= RECORDS PROVIDED =
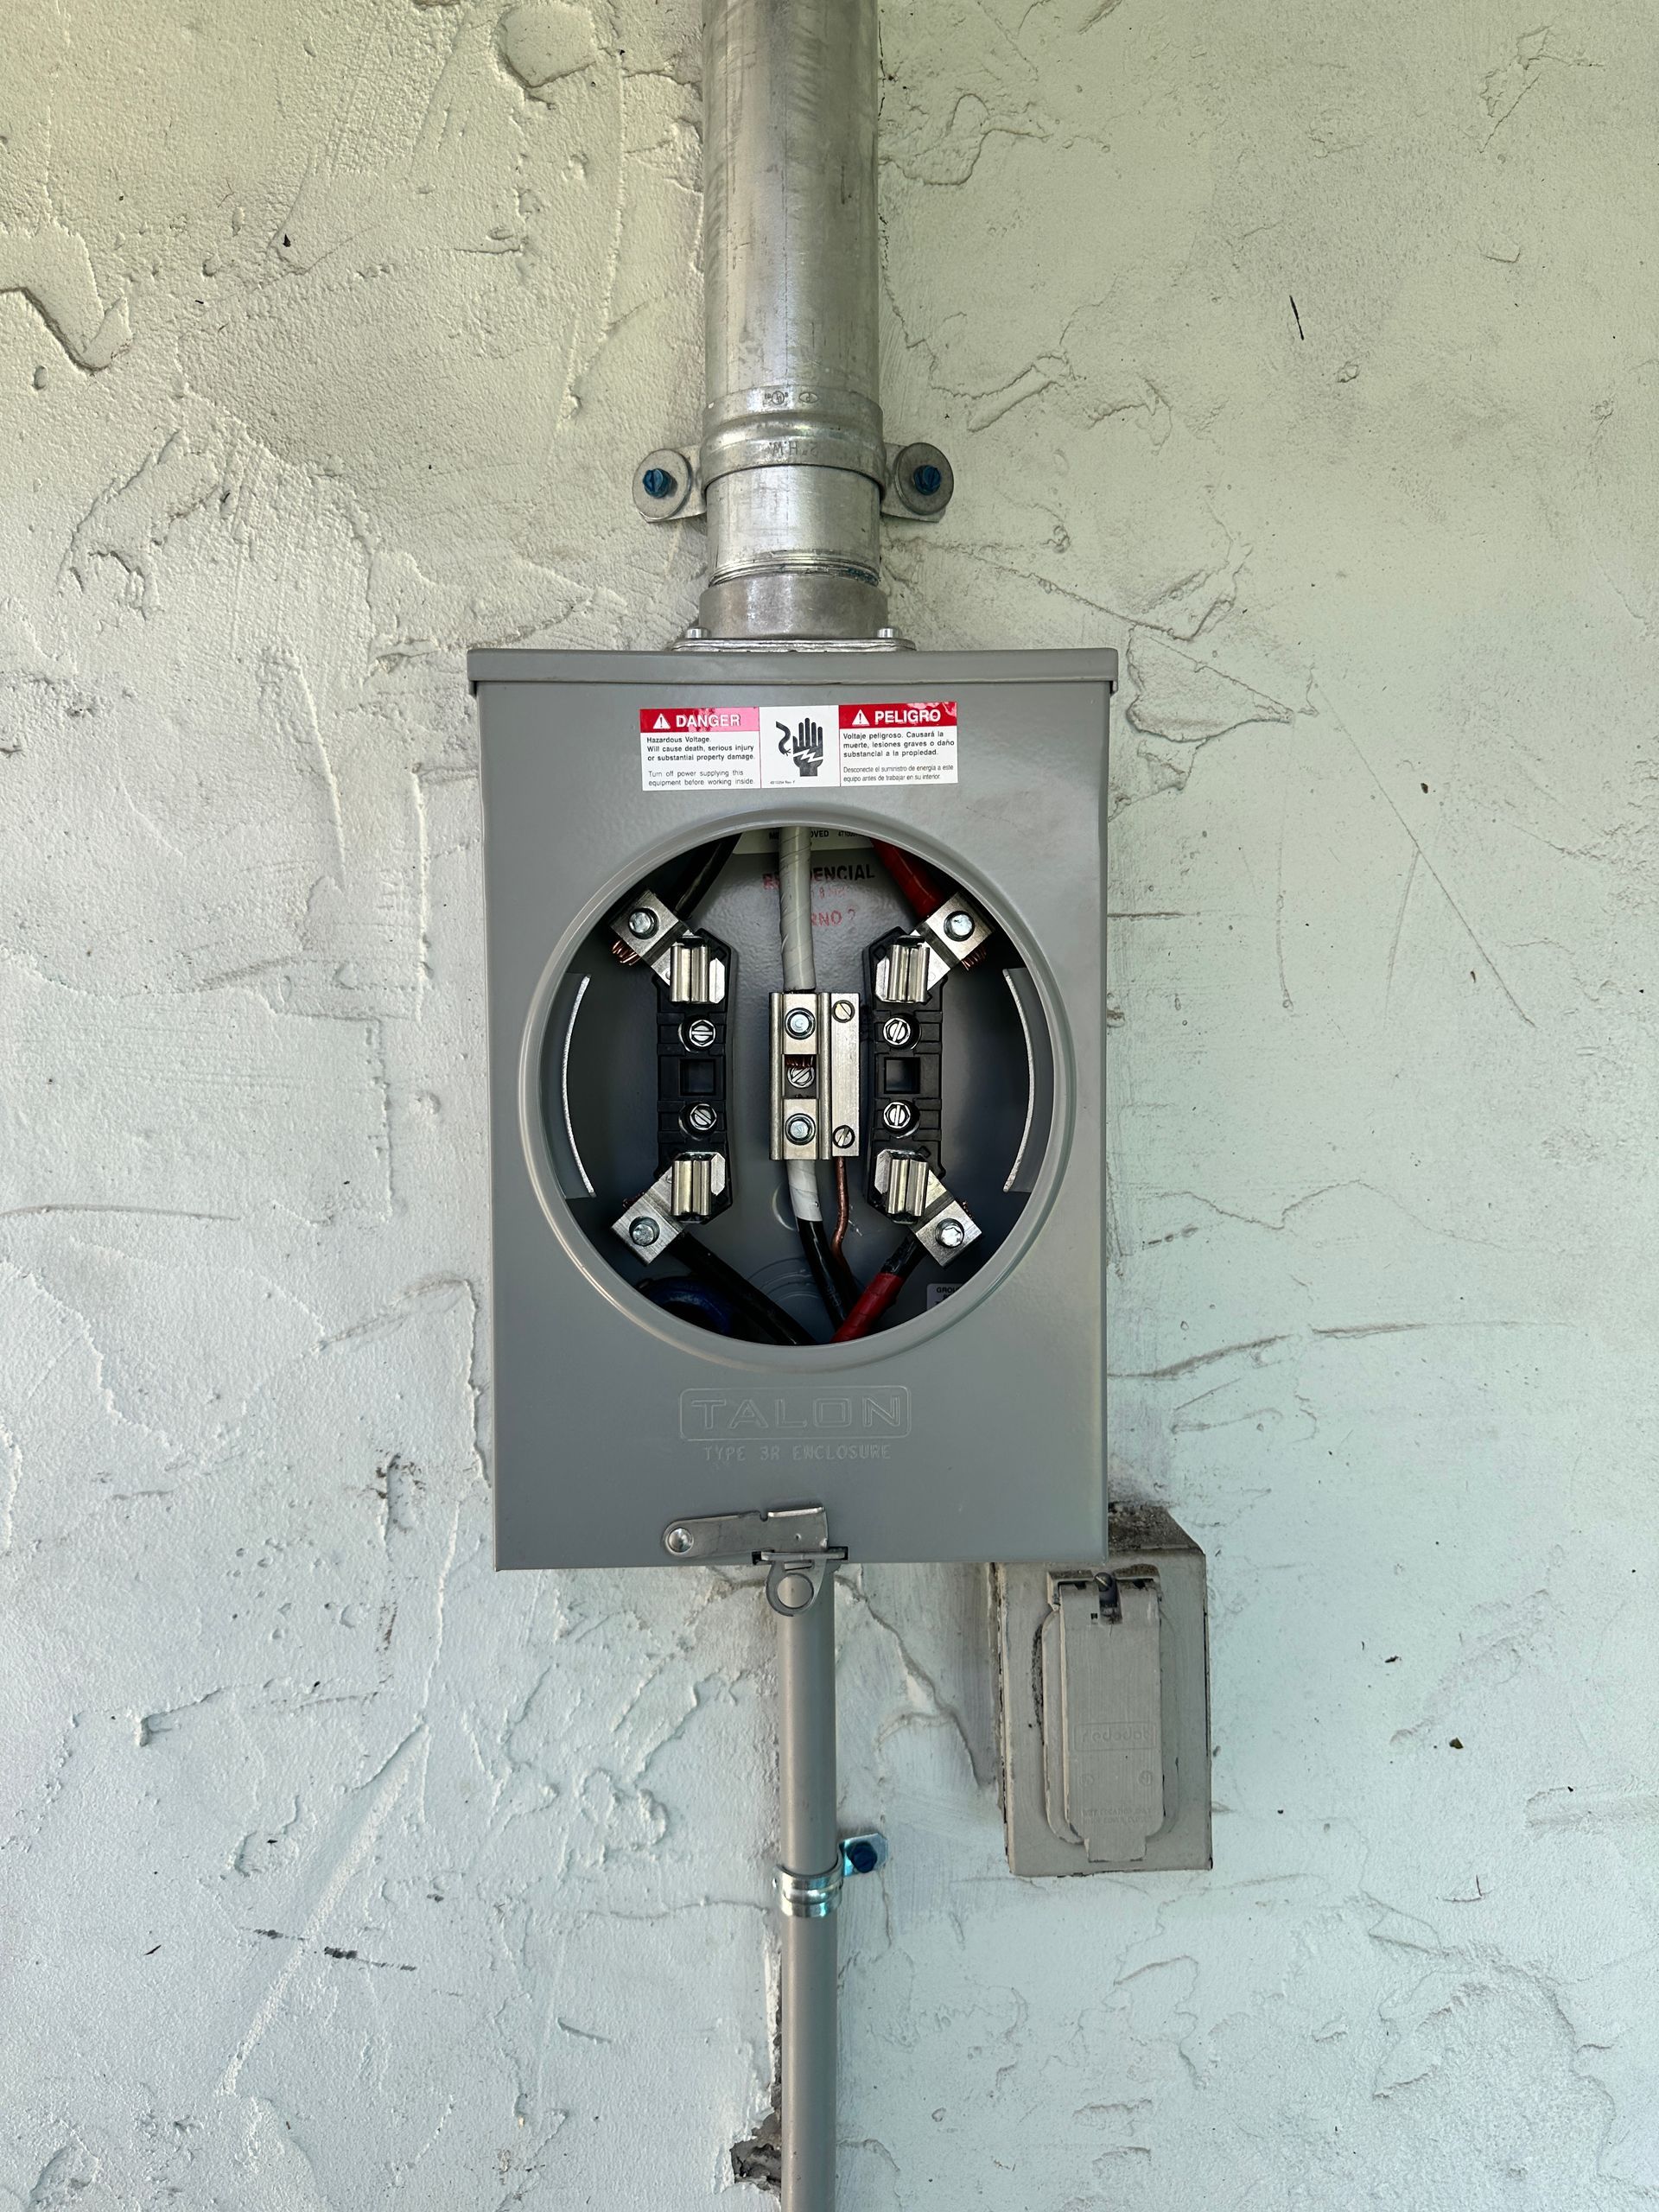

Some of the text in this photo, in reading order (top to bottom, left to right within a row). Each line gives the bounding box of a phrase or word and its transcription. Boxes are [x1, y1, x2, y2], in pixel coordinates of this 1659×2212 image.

[676, 714, 741, 728] DANGER
[874, 709, 941, 723] PELIGRO
[869, 732, 904, 741] peligroso.
[690, 1395, 902, 1430] TALON
[704, 1444, 892, 1461] TYPE 3R ENCLOSURE

= ABOUT THIS EXERCISE =
Copy each entry above exactly; drop the pictures.

= EXPECTED ANSWER =
Some of the text in this photo, in reading order (top to bottom, left to right within a row). Each line gives the bounding box of a phrase or word and its transcription. Boxes are [x1, y1, x2, y2], in pixel coordinates of this 1659×2212 image.

[676, 714, 741, 728] DANGER
[874, 709, 941, 723] PELIGRO
[869, 732, 904, 741] peligroso.
[690, 1395, 902, 1430] TALON
[704, 1444, 892, 1461] TYPE 3R ENCLOSURE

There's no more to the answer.